The clear association of chipya and mateshe in many of the plots in KNP, and the recorded ecotones suggest that mateshe and chipya are part of the same sequence. The idea of a chipya-mateshe succession (e.g. Lawton, 1963) is partly a question of climate, i.e. whether a forest climax is possible in today’s climate. Evidence from the Ndola plots (Trapnell, 1959; Lawton, 1996) shows that a succession to evergreen forest is possible in fire-protected miombo, in today’s climate. However, even here the protected plots have latterly been accidentally burnt, and this raises the equally pertinent question of whether any area in Zambia is likely, in practice, to be spared from fire. It might be argued that in the unlikely event that a pocket of chipya was protected from fire for a considerable period of time, the build up of litter would ensure that when the fire did come, it would be all the more fierce and would surely kill fire-sensitive seedlings, saplings or young trees. Lawton (1978) suggests a ‘chipya’-Uapaca-Brachystegia-mateshe succession in the presence of fire. However, his definition of chipya encompasses fire-degraded miombo, which is very different from the chipya of Trapnell in which the luxuriant herbaceous layer ensures fierce, hot fires. Thus, although Lawton’s proposed succession sequence may well occur in miombo, where the herbaceous layer is relatively sparse and fires consequently less severe, it is hard to envisage any succession sequence in chipya proper.

Mateshe-chipya regression

Trapnell (1943); Schmitz (1950); Lawton (1964); Fanshawe (1969) and White (1983) have all proposed that chipya is a regression product of mateshe, driven by fire and/or cultivation. The results obtained in KNP appear to confirm this. The clear association of chipya and mateshe in KNP suggests that the two vegetation types are related, and given today’s climate and the prevalence of fire in Zambia, a mateshe-chipya regression sequence is very likely. Further evidence from the current study was found in the floristic composition of the mateshe plots, which were characterised by different dominant species at different sites. This pattern suggests that these patches of mateshe are relics, rather than groups of pioneer species establishing themselves.

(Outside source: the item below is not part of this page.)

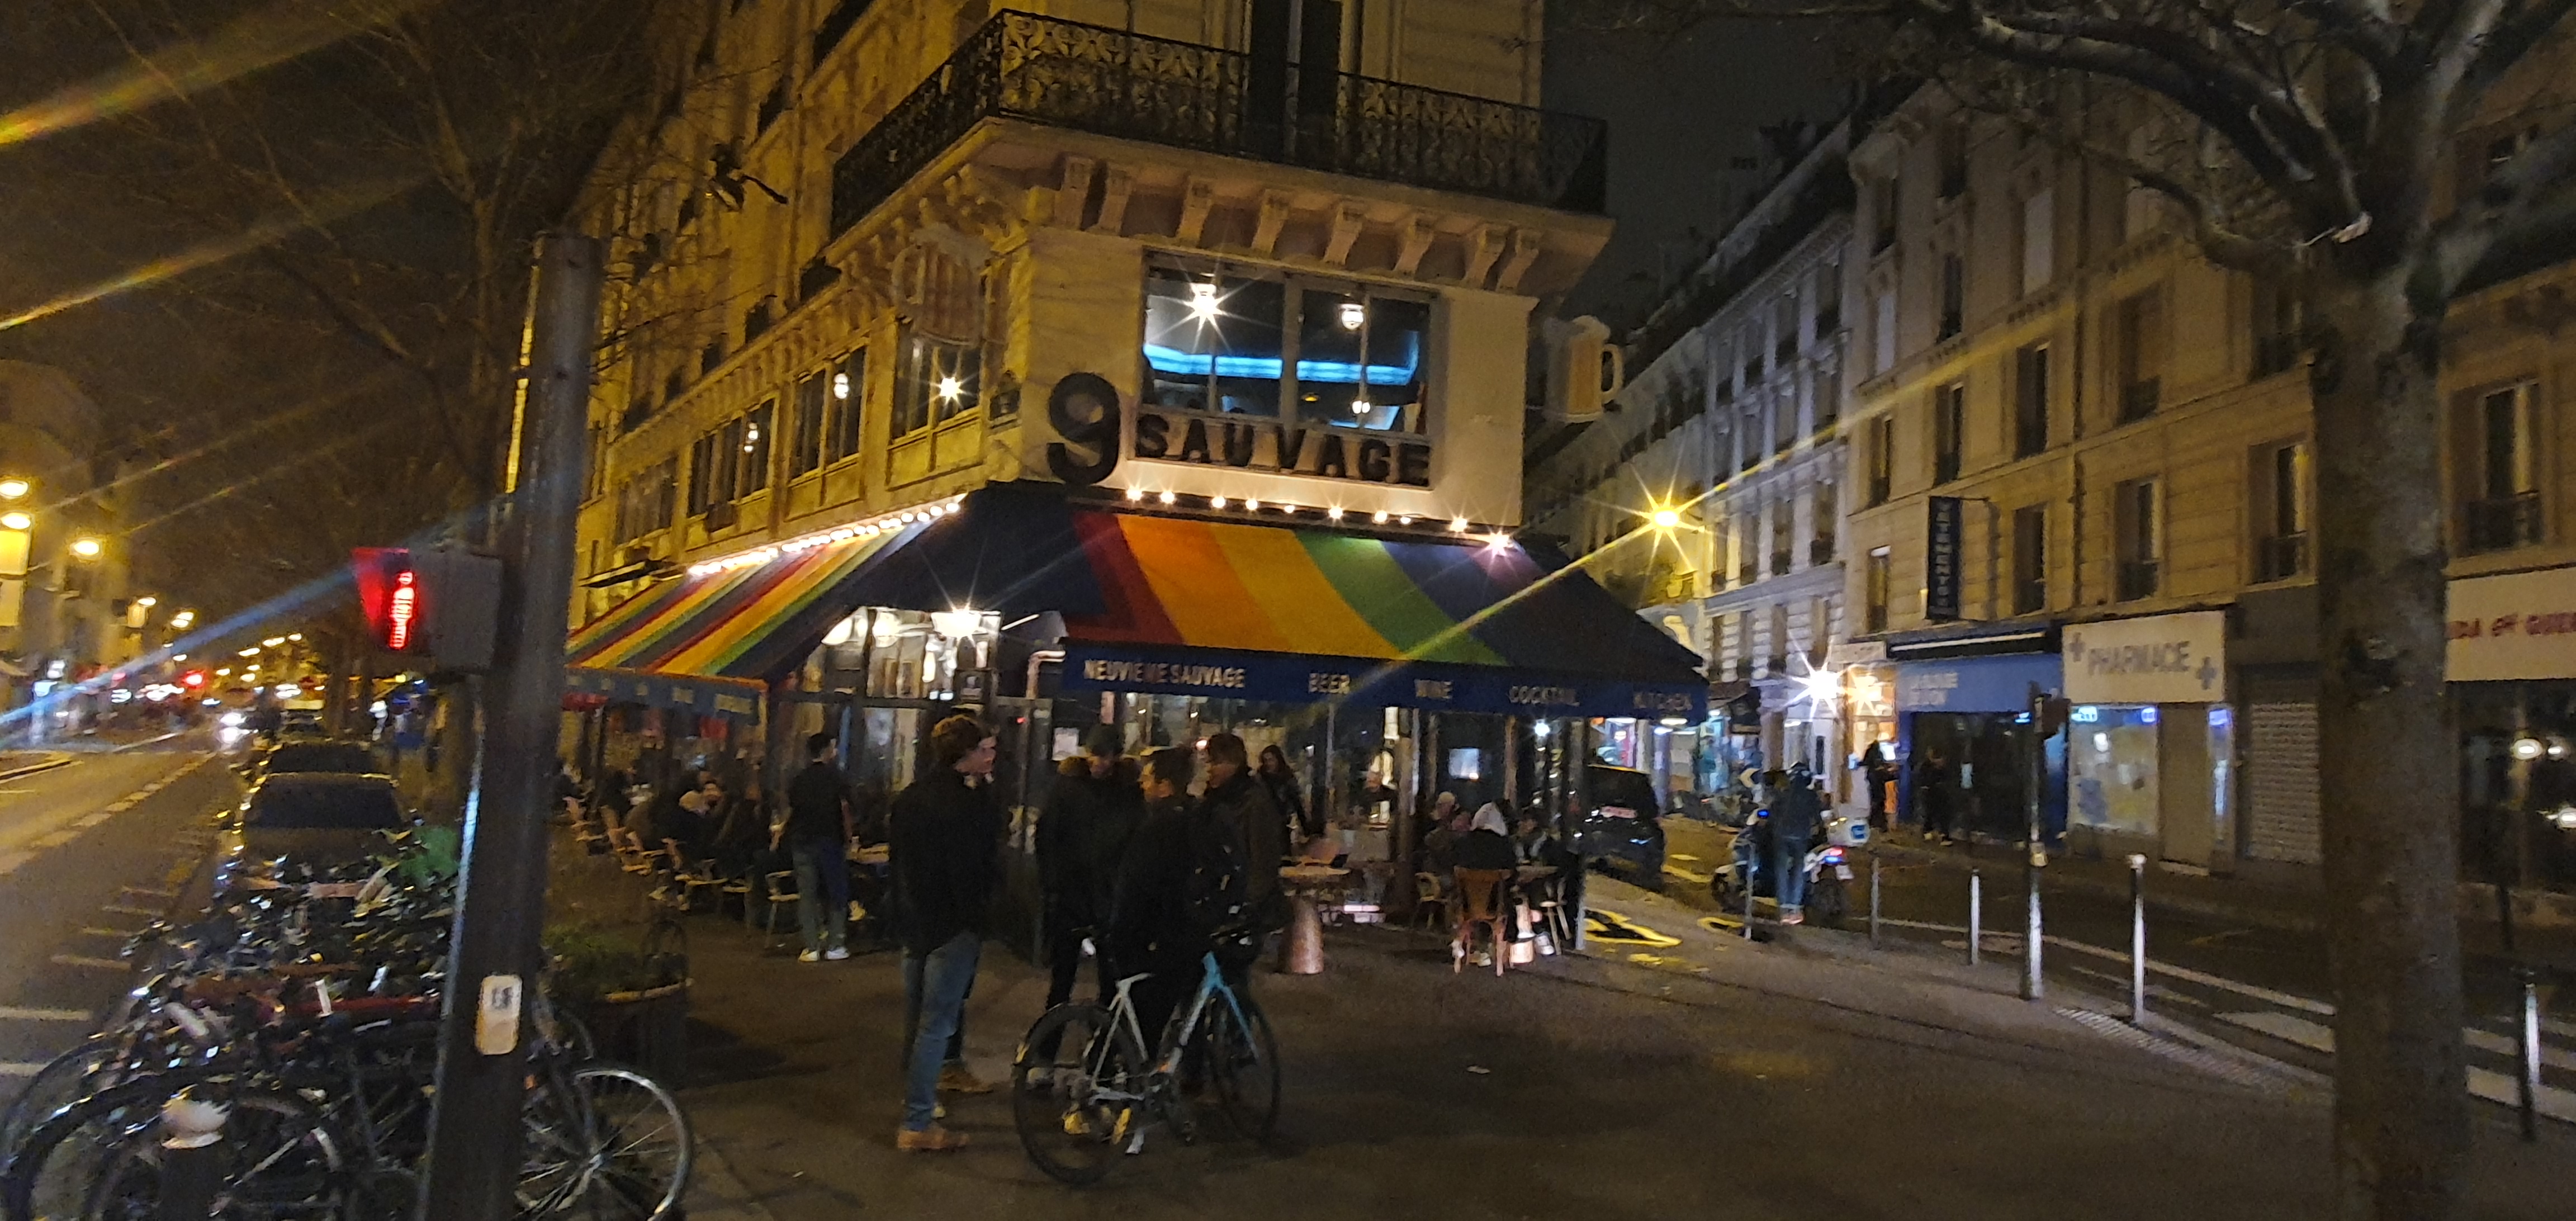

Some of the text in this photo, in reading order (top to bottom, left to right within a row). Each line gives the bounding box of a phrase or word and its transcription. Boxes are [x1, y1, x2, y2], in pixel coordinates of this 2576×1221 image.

The results from Kasanka National Park suggest that chipya can be differentiated from miombo by the absence of the fire-sensitive genera Brachystegia, Julbernardia, Isoberlinia and Uapaca, and by its luxuriant herbaceous layer comprising the indicator species Pteridium aquilinum, Smilax anceps and Aframomum alboviolaceum. In addition, chipya soils have been shown to typically possess high organic matter, low phosphorus and low pH compared to miombo soils. Finally, the evidence in KNP suggests that chipya arises from a mateshe-chipya regression driven by fire. There is no evidence that the fire-sensitive miombo genera Brachystegia, Julbernardia, Isoberlinia and Uapaca are part of the sequence.